These are my favorite tacos. The recipe came about in an interesting way. I used to buy those huge packages of pork tenderloin chops at Costco. I don't know why for sure, because I would always struggle in the end to use it all up. I'm just not that good at cooking pork chops. Finally out of desperation, I think I was out of ground beef, I tossed some in the food processor and pulsed them until they were slightly chopped. Oh...my...gosh! The flavor of pork tenderloin is fabulous in a taco with all the fixings. You've just got to try it!
2 tablespoons olive oil
1 1/4 pounds pork tenderloin chops
1 (20 ounce)package salsa corn (Please see picture below.)

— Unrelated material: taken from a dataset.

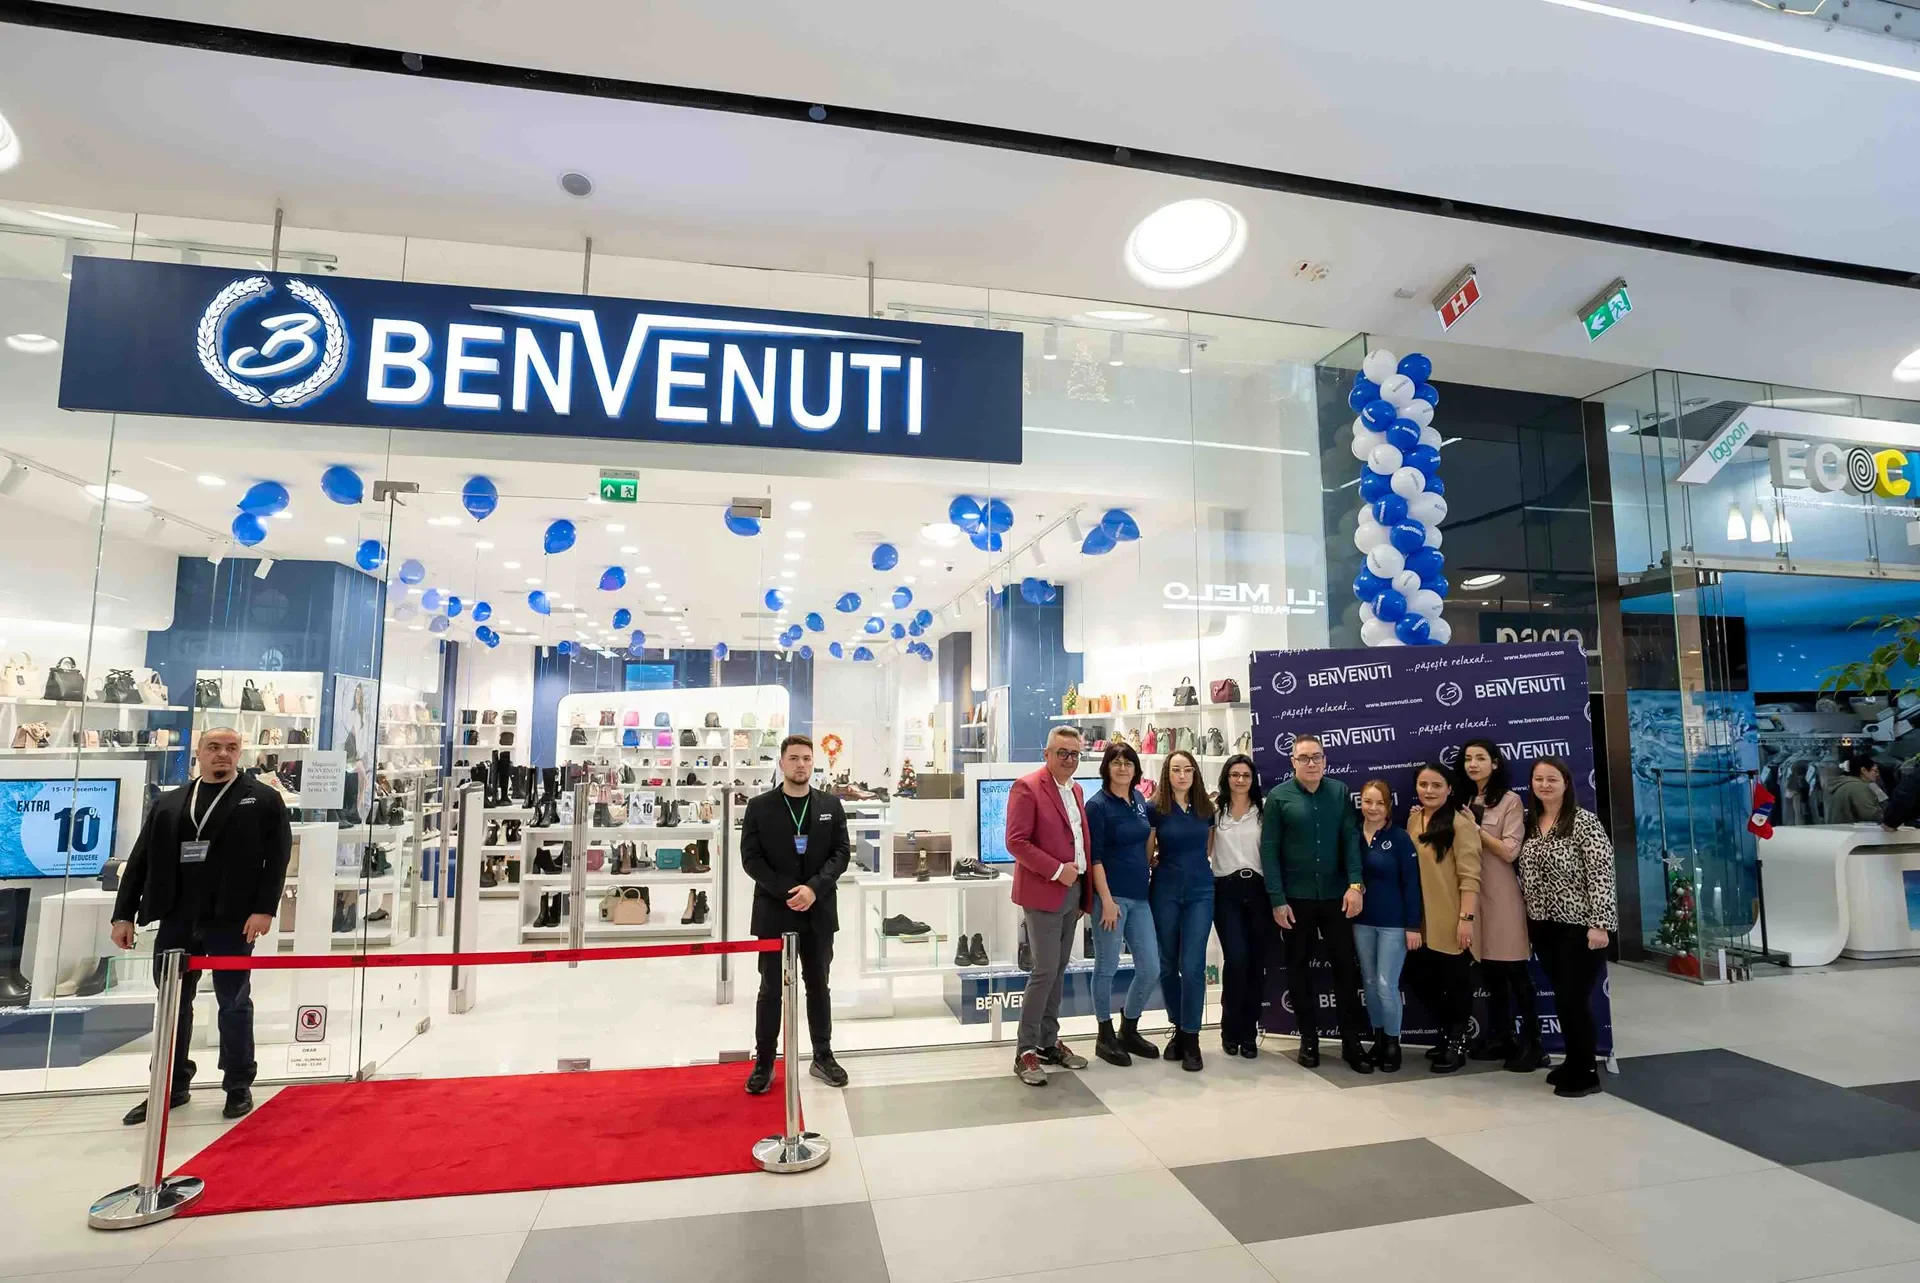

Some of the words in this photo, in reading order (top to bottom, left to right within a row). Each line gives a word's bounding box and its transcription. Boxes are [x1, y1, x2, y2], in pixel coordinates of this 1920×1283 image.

2 tablespoons chili powder
1 teaspoon cumin
1 teaspoon salt
Cut the pork chops into roughly 1 inch chunks. Toss into your food processor and pulse for a few seconds until the meat is roughly chopped up. It will be in much bigger pieces than hamburger. Be careful to not over process the meat, or it gets gummy. Heat olive oil in a large skillet over medium high heat. Cook the pork until it begins to brown. Sprinkle with chili powder, cumin, and salt. Stir and cook, toasting the spices until they become fragrant. Turn down the heat to medium low, add the salsa corn, stir, and cook for 10-15 minutes or so until the pork and vegetables are cooked through. Serve with corn tortillas, sour cream, fruit Salsa, cilantro, lime wedges, and grated cheddar cheese.
*I don't serve this with cotija cheese, my usual taco cheese, because it does not pair well with fruit salsa. If you do use tomato salsa, feel free to use the cotija, it's great!